The U.S. government has barred billions of barrels of oil from coming to the market by declaring huge petroleum reserves off-limits to drilling. Uncle Sam stores vast amounts in the Strategic Petroleum Reserve, in a petro-lockbox for a rainy day now called "election season." Government - at the federal and state levels - drives up pump prices with gas taxes and regulations against increasing refinery capacity.

What's funny is that oil markets are telling many policymakers what they want to hear. Liberals in particular have insisted for years that the world is approaching - or has passed - the point of "peak oil." This is the idea that we've hit the maximum rate of global oil extraction, so the supply will steadily diminish, causing prices to rise. I'm not personally convinced - though Reason magazine's science correspondent, Ronald Bailey, may be right that we've reached the point of "political peak oil," which is to say that various political inefficiencies mean we can't keep up with demand.

Either way, liberals should be rejoicing.
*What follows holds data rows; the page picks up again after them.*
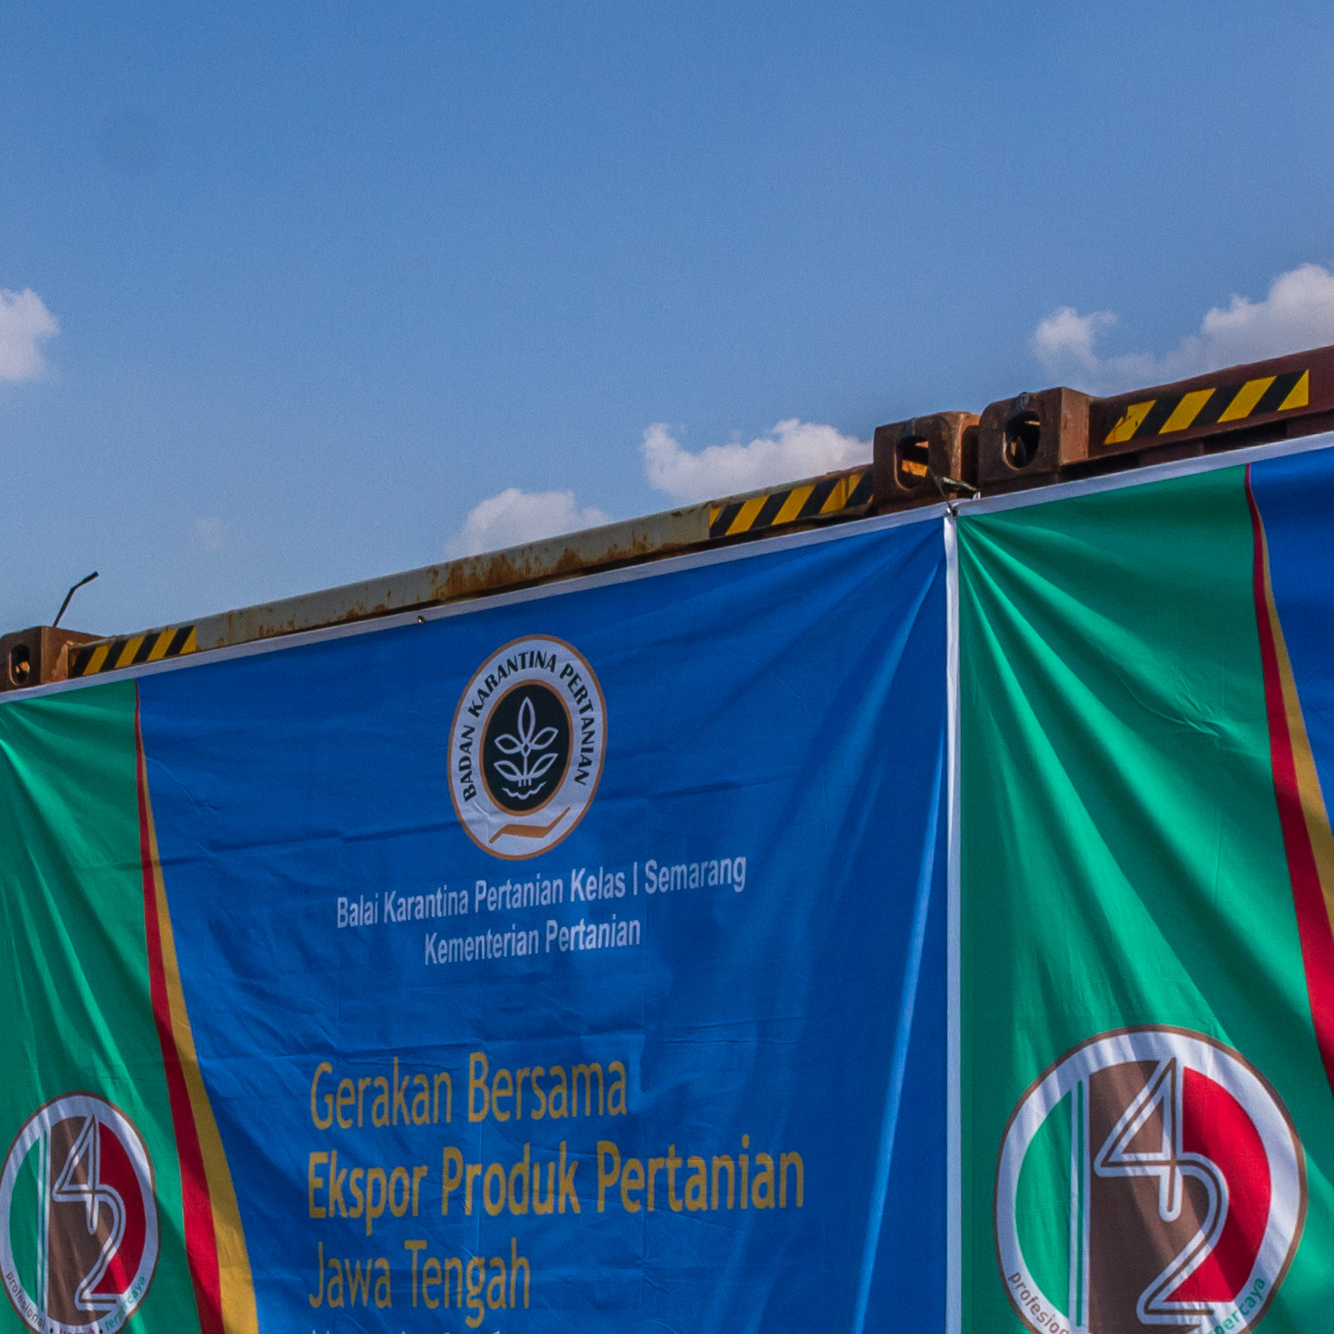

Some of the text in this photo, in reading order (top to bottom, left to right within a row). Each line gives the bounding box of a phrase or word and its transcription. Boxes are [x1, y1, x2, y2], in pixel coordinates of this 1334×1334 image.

[460, 650, 593, 802] BADAN KARANTINA PERTANIAN
[337, 891, 378, 928] Balai
[383, 884, 469, 924] Karantina
[475, 872, 563, 914] Pertanian
[570, 867, 626, 903] Kelas
[645, 856, 747, 894] Semarang
[425, 916, 641, 966] Kementerian Pertanian
[310, 1050, 627, 1131] Gerakan Bersama
[308, 1133, 805, 1236] Ekspor Produk Pertanian
[309, 1237, 531, 1328] Jawa Tengah
High oil prices not only lend credence to the "peak oil" argument that we need to wean off petroleum, they change consumer behavior far more effectively than environmental hectoring. Americans are driving less, taking mass transit more and ditching SUVs for hybrids without (much) benefit of government subsidies. I think we should drill more, but if the goal is to wean America off oil, things couldn't be going better.

With the laudable exception of McCain's economic advisor, former Sen. Phil Gramm, Republicans seem desperate to show they too feel the pain at the pump by piling on the scapegoat.

One hopes that this shoot-the-messenger bipartisanship represents the moment of "peak hypocrisy" in Washington. But few speculators would take that bet.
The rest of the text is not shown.